Sustainableday.com’s blogger and reporter “Stiven” comments:
Just yesterday I went into a pharmacy to buy: chapstick, floss, and pick up my wife's birth control…The birth control pills are really out of hand, they come in: a paper bag with the receipt, copy of the prescription and a coupon flier stapled to the outside of the bag, inside you find a colorful heavy cardboard box containing another plastic and foil dispenser, a not so small manual describing use, and a separate fuzzy purple plastic little booklet caring case. I felt incredibly guilty as I threw all this excess packaging "away" in the garbage right outside the store... All I wanted was healthy teeth, unchaped lips, and birth control but we can't have any of that without senseless pollution these days. We need packaging reform! (http://www.worldchanging.com/archives/005634.html)

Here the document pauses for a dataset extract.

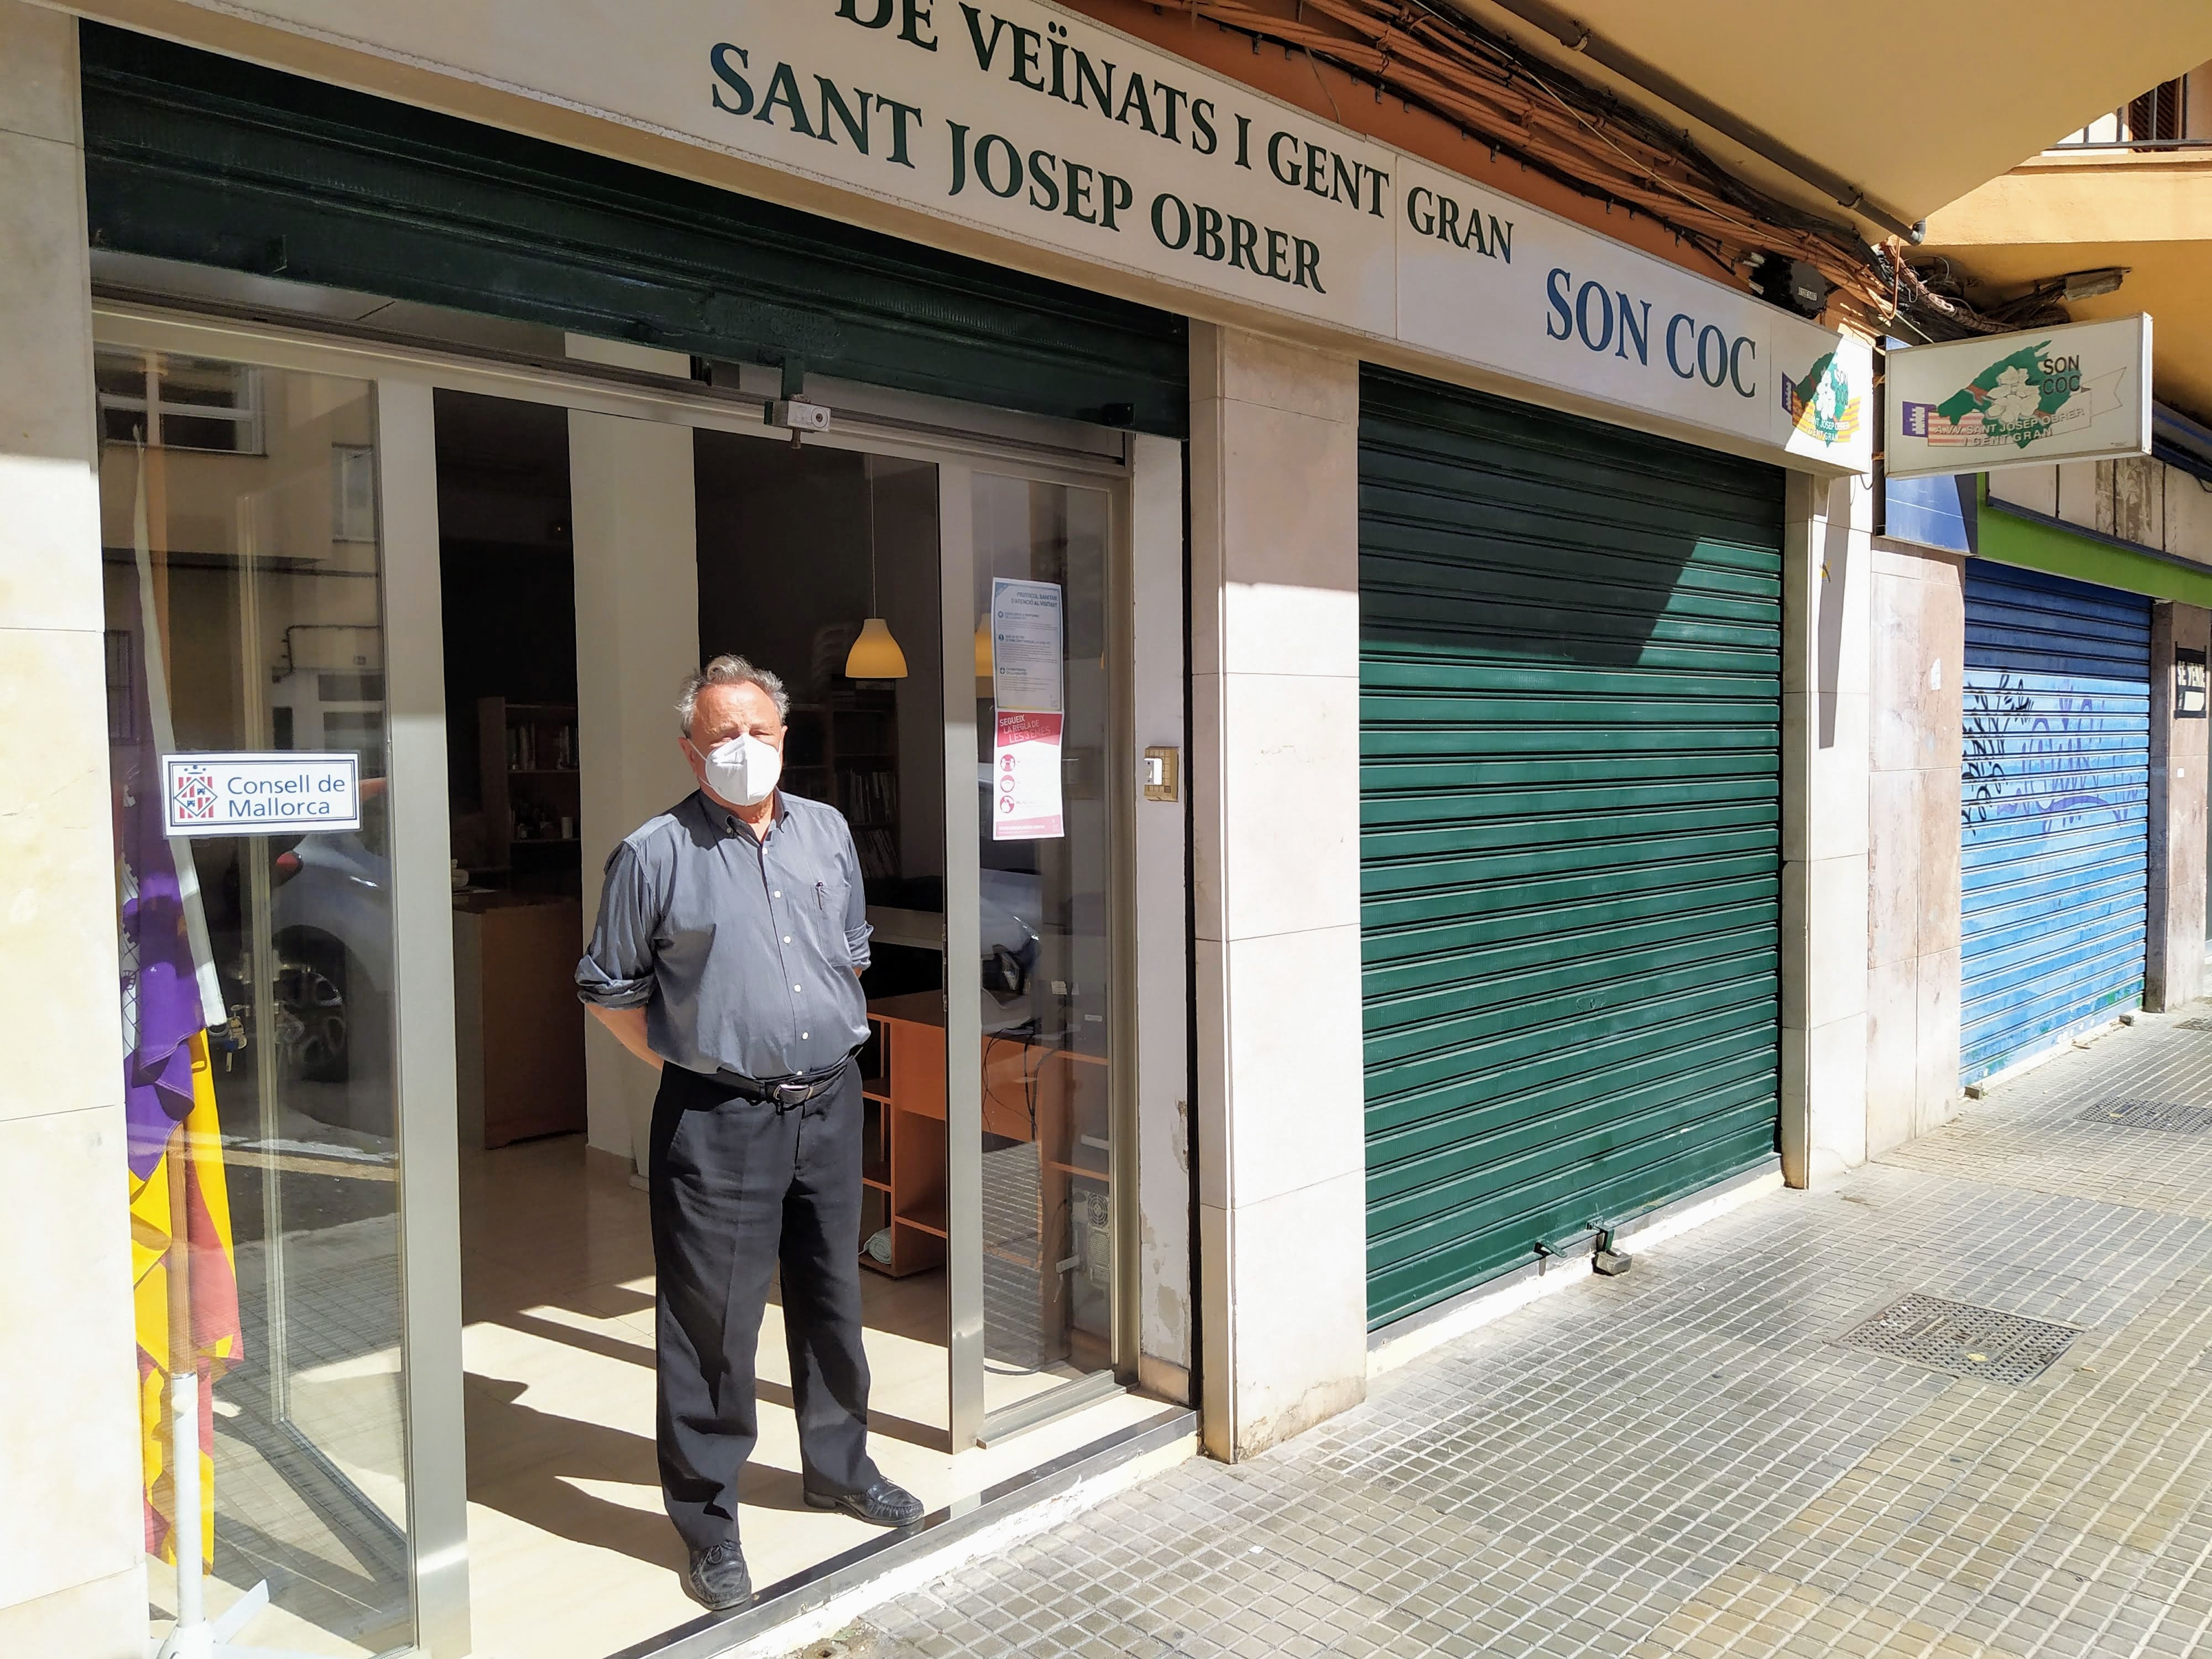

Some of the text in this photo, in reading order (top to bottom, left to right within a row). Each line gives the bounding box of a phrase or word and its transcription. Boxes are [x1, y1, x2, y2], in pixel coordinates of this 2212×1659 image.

The reasonably-packaged Swedish birth control came in a blister pack with an unassuming, reusable, recyclable cardboard sheath. I received four sheaths for the year’s supply. In sharp contrast, my new American birth control is dispensed via a giant blister pack with a completely superfluous pink plastic case thingie and a pink vinyl sheath. I received 12 cases and sheaths for the year’s supply because heaven forbid we reuse the outrageous over-packaging.
And the rest of us women can relate.
What can we do?
We should be writing to our pill providers. Women can vow to set our cell phone alarms to remind us instead of Ortho Tri Cyclen Low’s giant pink bubble case. Men can vow to remind their female partners when it’s that hour to get the Purple Yazmin out. Or do as I have, vowing to reuse the same blue Yaz slip for all future pill packs; don’t give me another one! Women can’t responsibly stop taking the pill, but producers must responsibly stop overpackaging their birth control pills.